基金financially supported by grants from the Distinguished Young Scientists from Jiangsu GovernmentChina(Grant No.BK2012010)+1 种基金the Key Project of Chinese Ministry of Educationand the Ministry of Science and Technology of China(Grant Nos.2012AA10A302-7 and 2013ZX08009-003)
文摘We identified a leafy head mutant plal-5 (plastochron 1-5) from the progeny of japonica rice cultivar Taipei 309 treated with 60Co-γ ray irradiation. The plal-5 mutant has a dwarf phenotype and small leaves. Compared with its wild type, plal-5 has more leaves and fewer tillers, and it fails to produce normal panicles at the maturity stage.

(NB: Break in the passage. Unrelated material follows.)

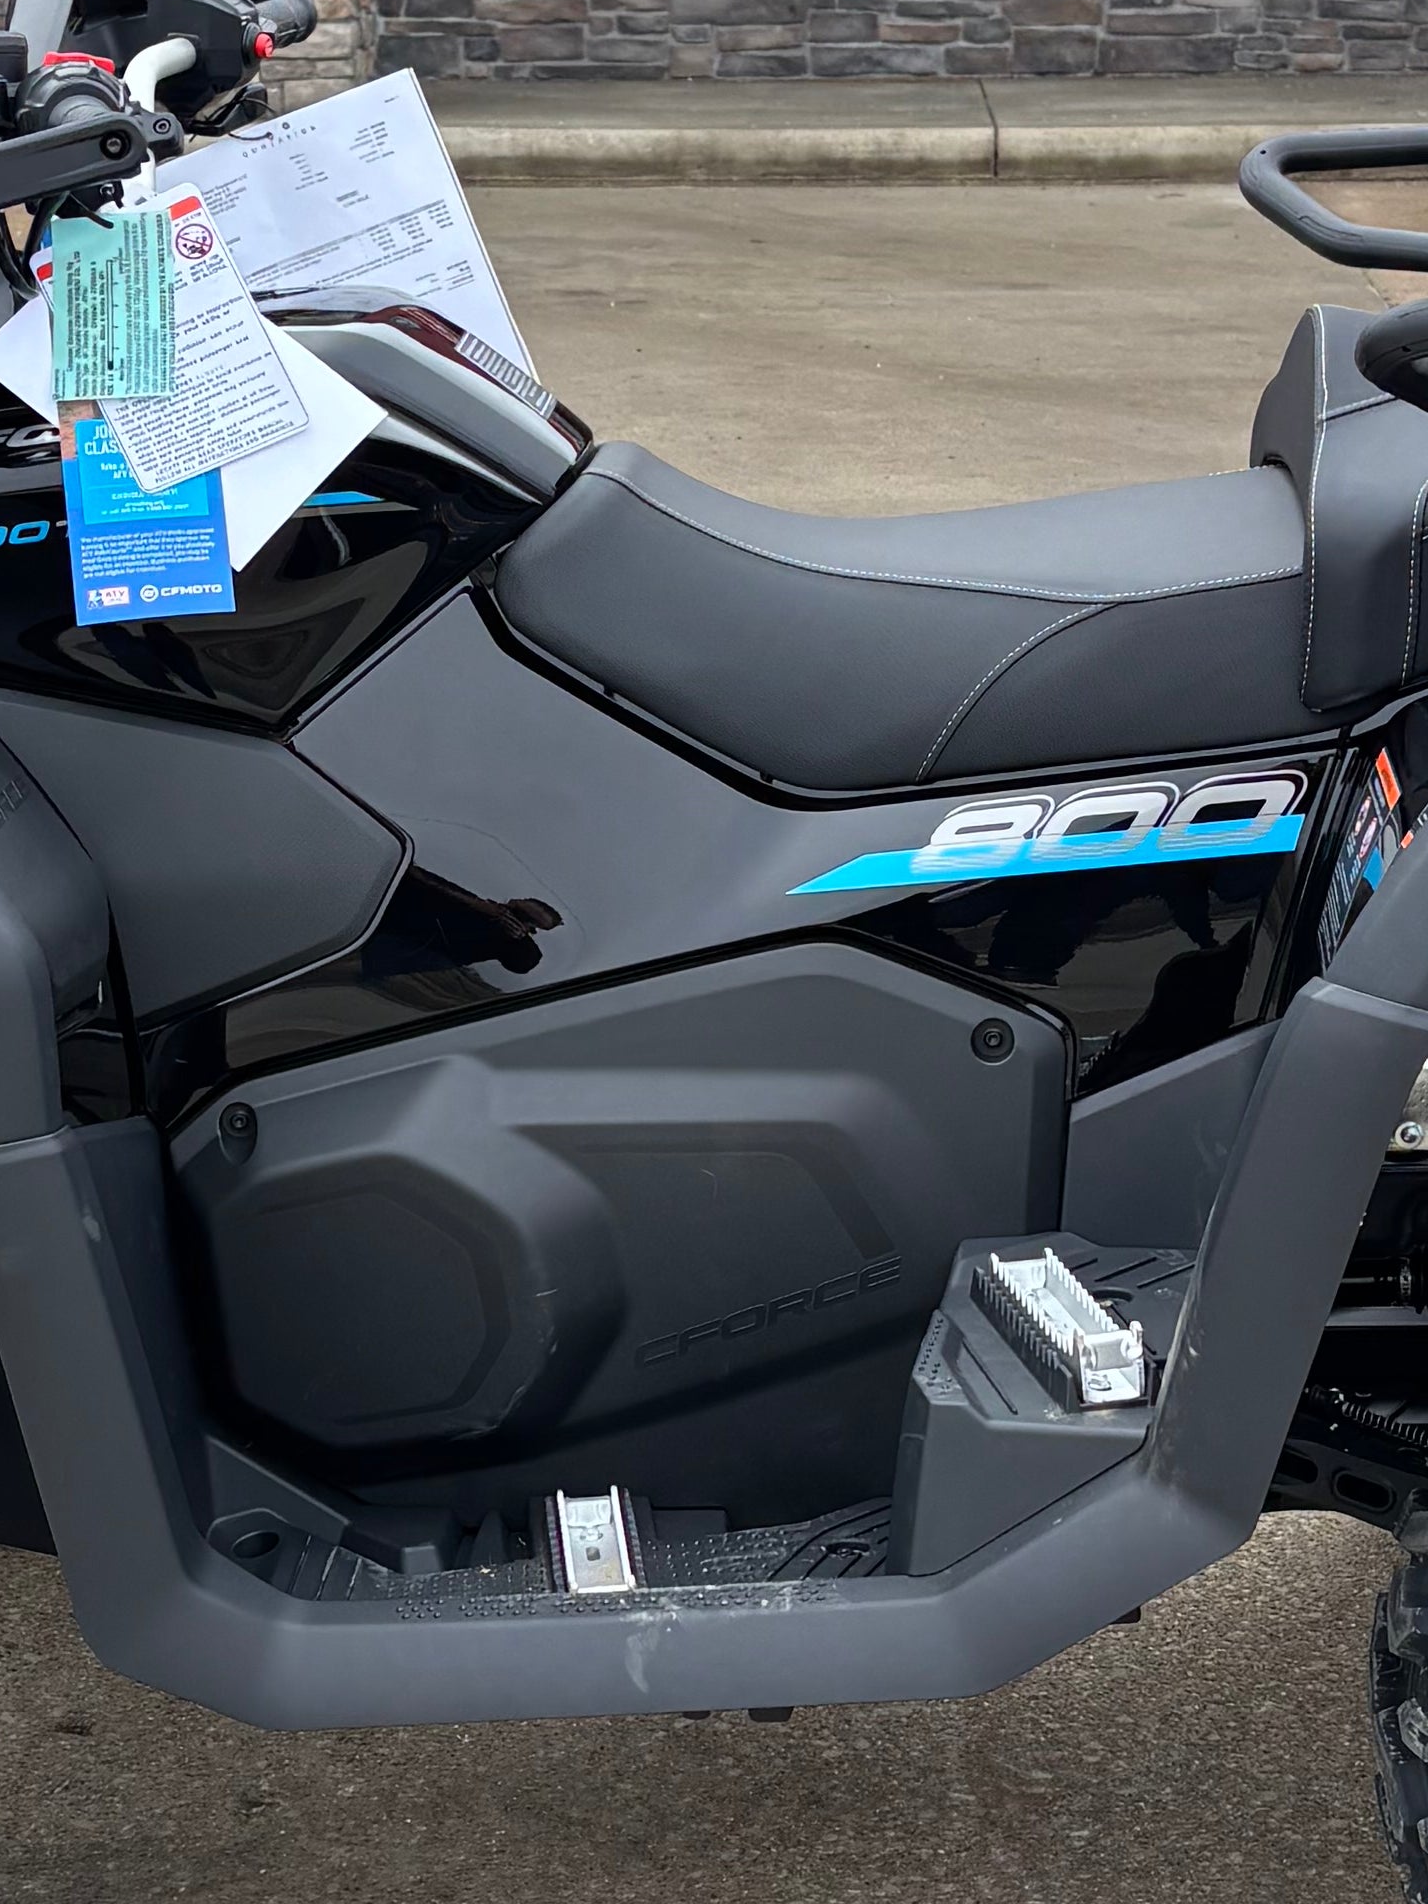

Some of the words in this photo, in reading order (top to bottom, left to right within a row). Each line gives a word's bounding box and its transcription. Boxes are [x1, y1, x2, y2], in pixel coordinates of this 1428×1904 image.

[160, 583, 223, 597] CFMOTO
[911, 770, 1309, 876] 800
[634, 1254, 903, 1369] CFORCE

Genetic analysis showed that the plal-5 phenotype is controlled by a single recessive nuclear gene. Using the map-based cloning strategy, we narrowed down the location of the target gene to a 58-kb region between simple sequence repeat markers CHR1027 and CHR1030 on the long arm of chromosome 10. The target gene cosegregated with molecular markers CHR1028 and CHR1029. There were five predicted genes in the mapped region. The results from sequencing analysis revealed that there was one base deletion in the first exon of LOC_Os10g26340 encoding cytochrome P450 CYP78A11 in the plal-5 mutant, which might result in a downstream frame shift and premature termination. These results suggest that the P450 CYP78A11 gene is the candidate gene of PLA1-5.